A new study published in the journal Biological Psychiatry suggests that a new form of treatment known as nalmefene, which includes reducing alcohol consumption, instead of complete abstinence, is effective in treating alcoholism.
Traditionally, abstinence has been regarded as the primary treatment goal for alcohol dependence, and current pharmacological treatments for alcoholism are approved only for relapse prevention. However, relapse rates remain high and a goal of abstinence is unacceptable to many patients. To address these concerns and provide opportunities for improved patient outcomes, new evidence-based treatments are necessary.
Advertisement"Our new findings may mark a true paradigm shift in the treatment of men and women who suffer from alcohol related disorders. While abstinence should be the best bet, a reduction in consumption may be a valuable alternative for the many patients who cannot attain abstinence or are not (yet) capable of doing so," said Dr.

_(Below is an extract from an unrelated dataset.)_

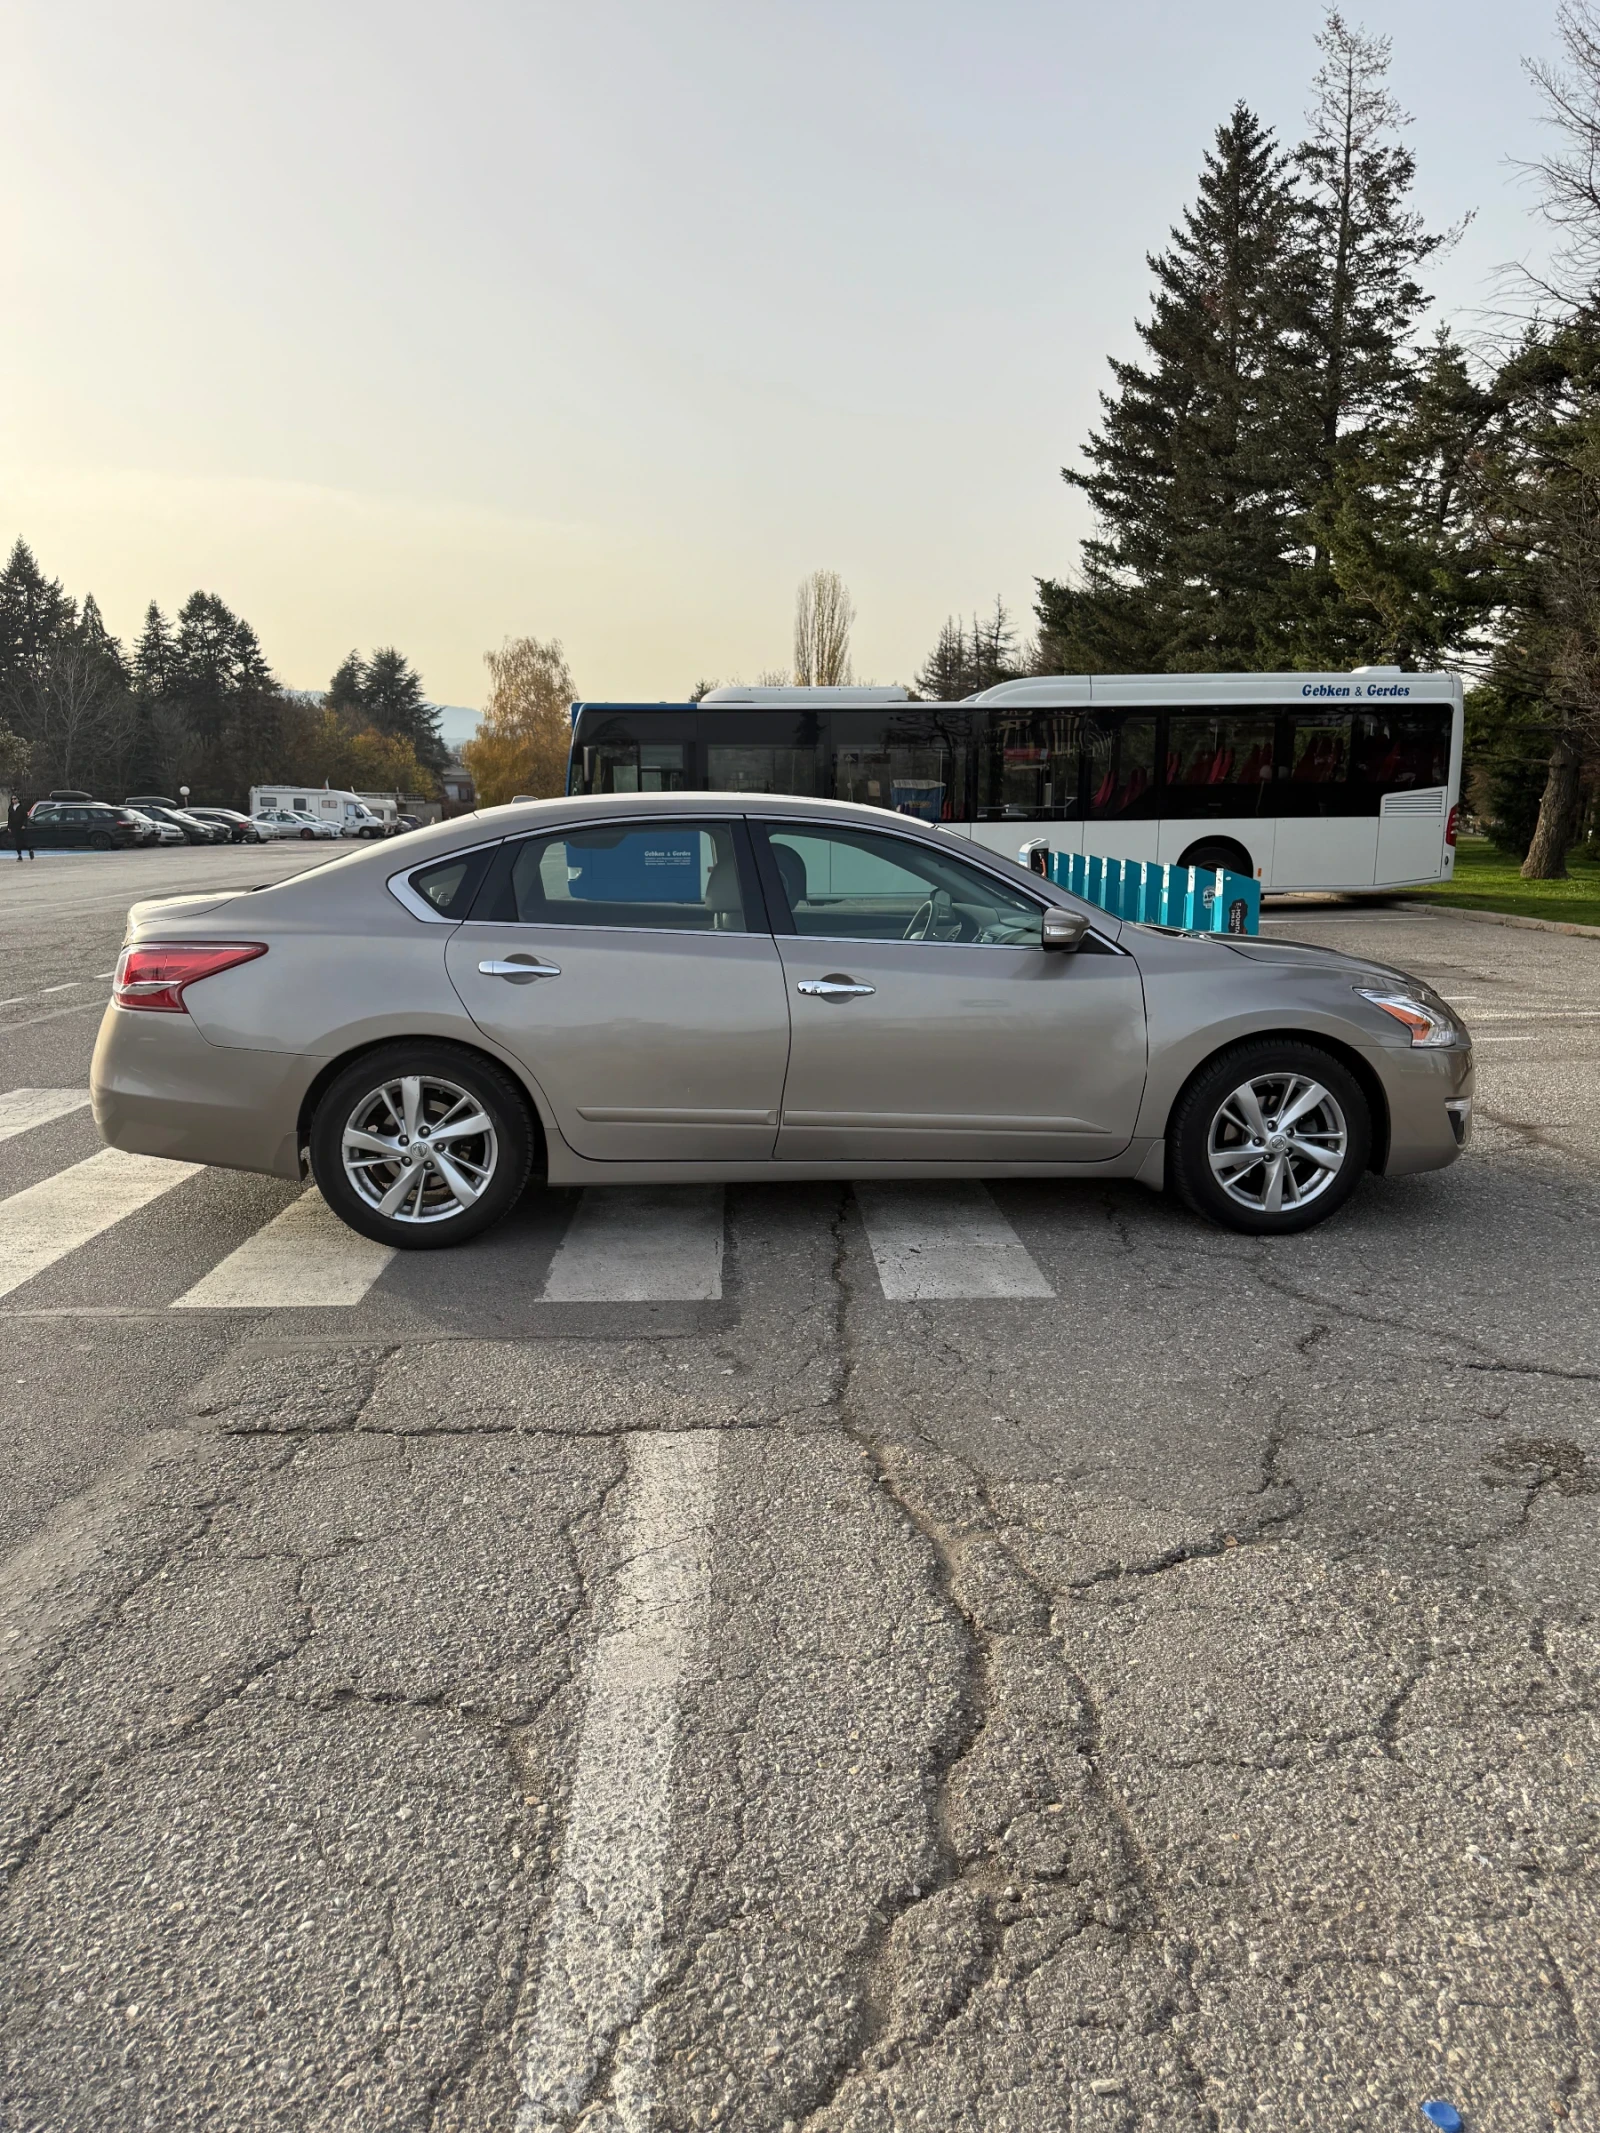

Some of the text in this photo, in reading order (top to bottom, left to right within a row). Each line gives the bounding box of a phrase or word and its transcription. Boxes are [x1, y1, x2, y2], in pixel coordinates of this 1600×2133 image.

[1302, 684, 1410, 697] Gebken & Gerdes

Karl Mann at Central Institute of Mental Health in Germany, who led the research.
Mann and his colleagues conducted a clinical trial to investigate the effectiveness of nalmefene in reducing alcohol consumption. They recruited 604 alcohol-dependent patients, half of whom were randomized to receive nalmefene, while the other half received visually-identical placebo pills. Neither patients nor their doctors knew which treatment they were receiving. Patients were instructed to take one tablet on each day they perceived a risk of drinking alcohol, and were followed by the study investigators for 24 weeks.
What they found is promising. Nalmefene was significantly better than placebo in reducing alcohol consumption and it improved patients' clinical status and liver enzymes. It was also generally well-tolerated, with most side effects characterized as mild or moderate and quickly resolved.

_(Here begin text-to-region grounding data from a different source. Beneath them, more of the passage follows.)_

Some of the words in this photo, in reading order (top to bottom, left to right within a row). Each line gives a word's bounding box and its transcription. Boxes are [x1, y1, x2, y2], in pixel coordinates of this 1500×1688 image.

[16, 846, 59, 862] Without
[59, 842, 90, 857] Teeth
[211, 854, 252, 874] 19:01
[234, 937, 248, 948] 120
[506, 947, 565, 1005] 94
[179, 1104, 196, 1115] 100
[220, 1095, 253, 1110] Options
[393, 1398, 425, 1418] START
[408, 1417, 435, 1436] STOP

"With nalmefene, we seem to be able to 'block the buzz' which makes people continue to drink larger amounts. With such a harm reduction approach, a new chapter in treating alcoholism could be opened," said Mann.
These findings provide evidence that "as-needed" prescription of nalmefene is an effective treatment for alcohol dependence. Unlike medications that must be taken every day, the as-needed approach targets medication administration to periods where alcohol use is more likely.

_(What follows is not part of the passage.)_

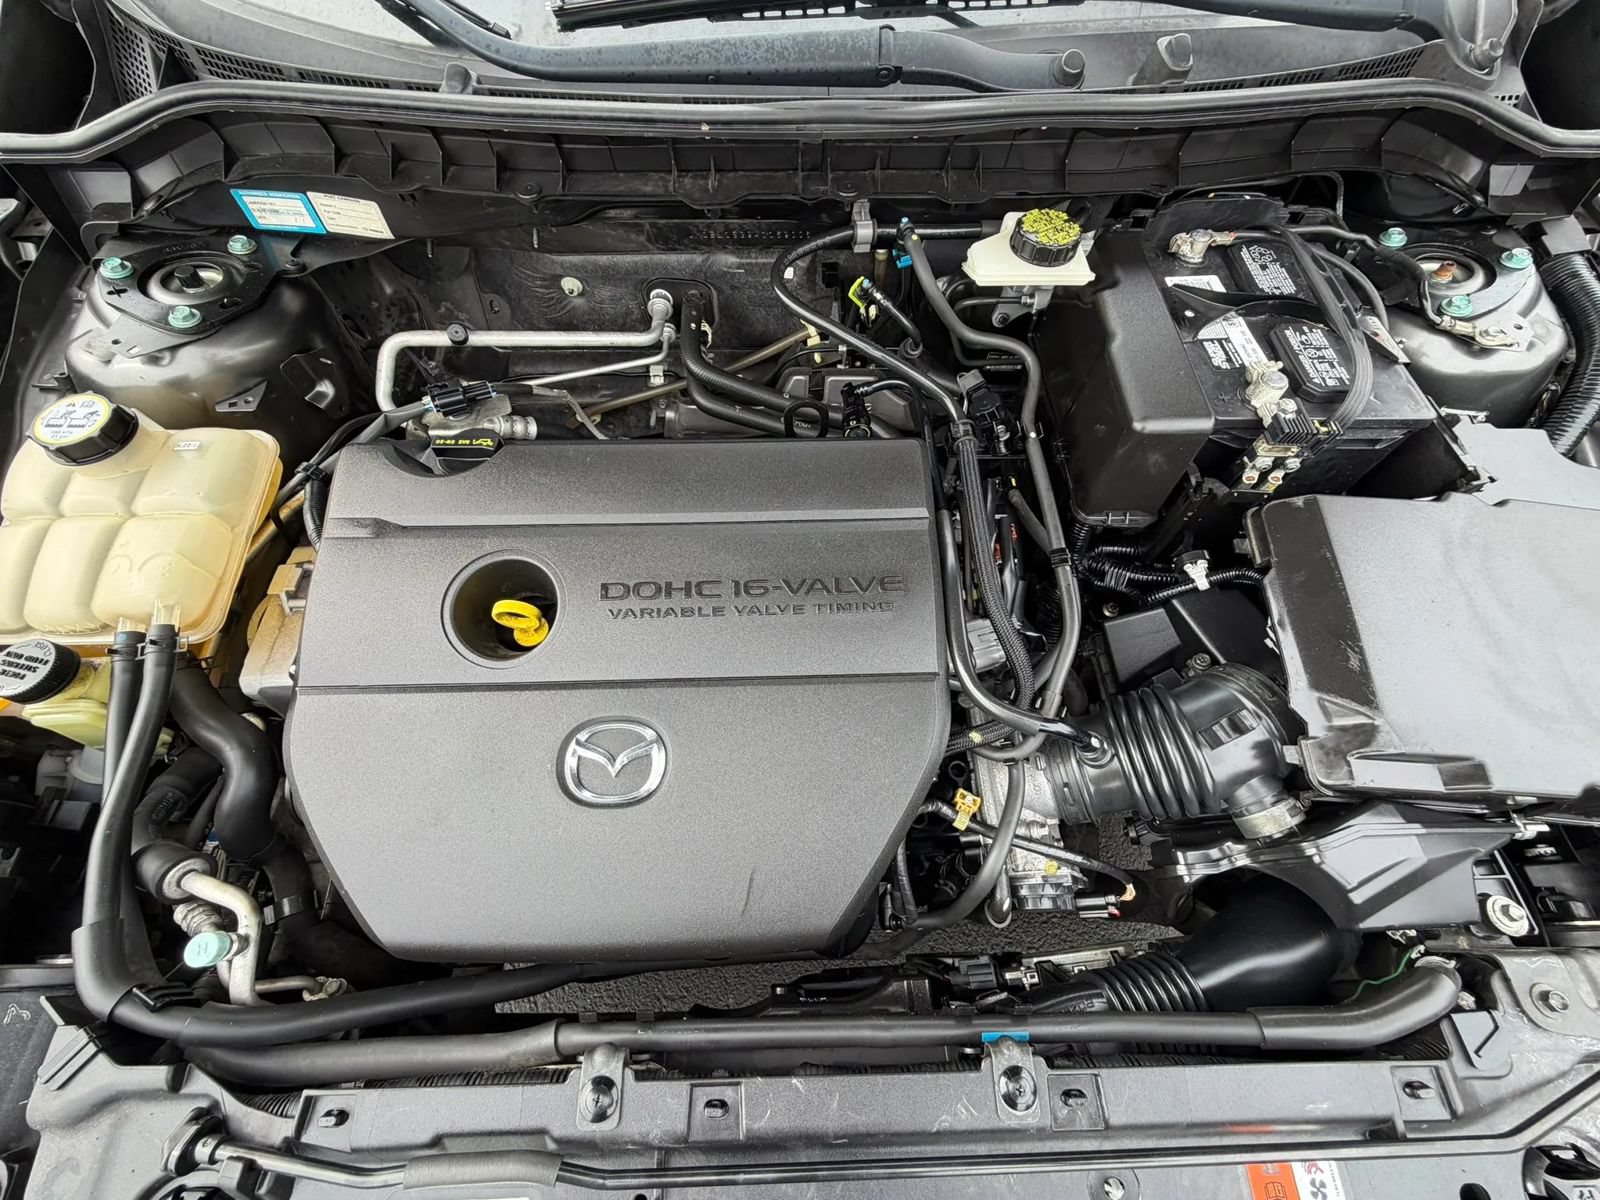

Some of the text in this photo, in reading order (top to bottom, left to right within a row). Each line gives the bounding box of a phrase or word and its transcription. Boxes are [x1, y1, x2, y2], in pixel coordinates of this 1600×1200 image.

[600, 575, 906, 601] DOHC 16-VALVE
[607, 600, 897, 620] VARIABLE VALVE TIMING

"It is encouraging to see the efficacy of nalmefene in this clinical trial. There is a need for more treatment options for the pharmacotherapy of alcoholism," said Dr. John Krystal, Editor of Biological Psychiatry. "This study also provides support for 'as-needed' treatment, an approach that may be attractive to many patients. However, it flies in the face of the notion that daily treatment may protect people who are either ambivalent about treatment or unaware when they are particularly at risk for relapse."
The first medication developed for the treatment of alcohol dependence was naltrexone, an opioid receptor blocker. At therapeutic doses, it blocks most of the mu subtype of opioid receptors in the brain but it has lesser effects at the delta and kappa subtype of opioid receptors. Nalmefene is a newer opioid receptor modulator that has a subtly different profile at opioid receptor subtypes, with increased relative potency for kappa opiate receptors compared to its potency at mu opiate receptors. It was studied here because it has been shown to have potential for reducing alcohol consumption.
"It remains to be seen whether the differences between nalmefene and naltrexone at opioid receptors yield meaningful differences in their effectiveness," cautioned Krystal.
As with most studies, additional research is necessary, but this study provides strong evidence that nalmefene can provide an important clinical benefit for alcohol-dependent patients.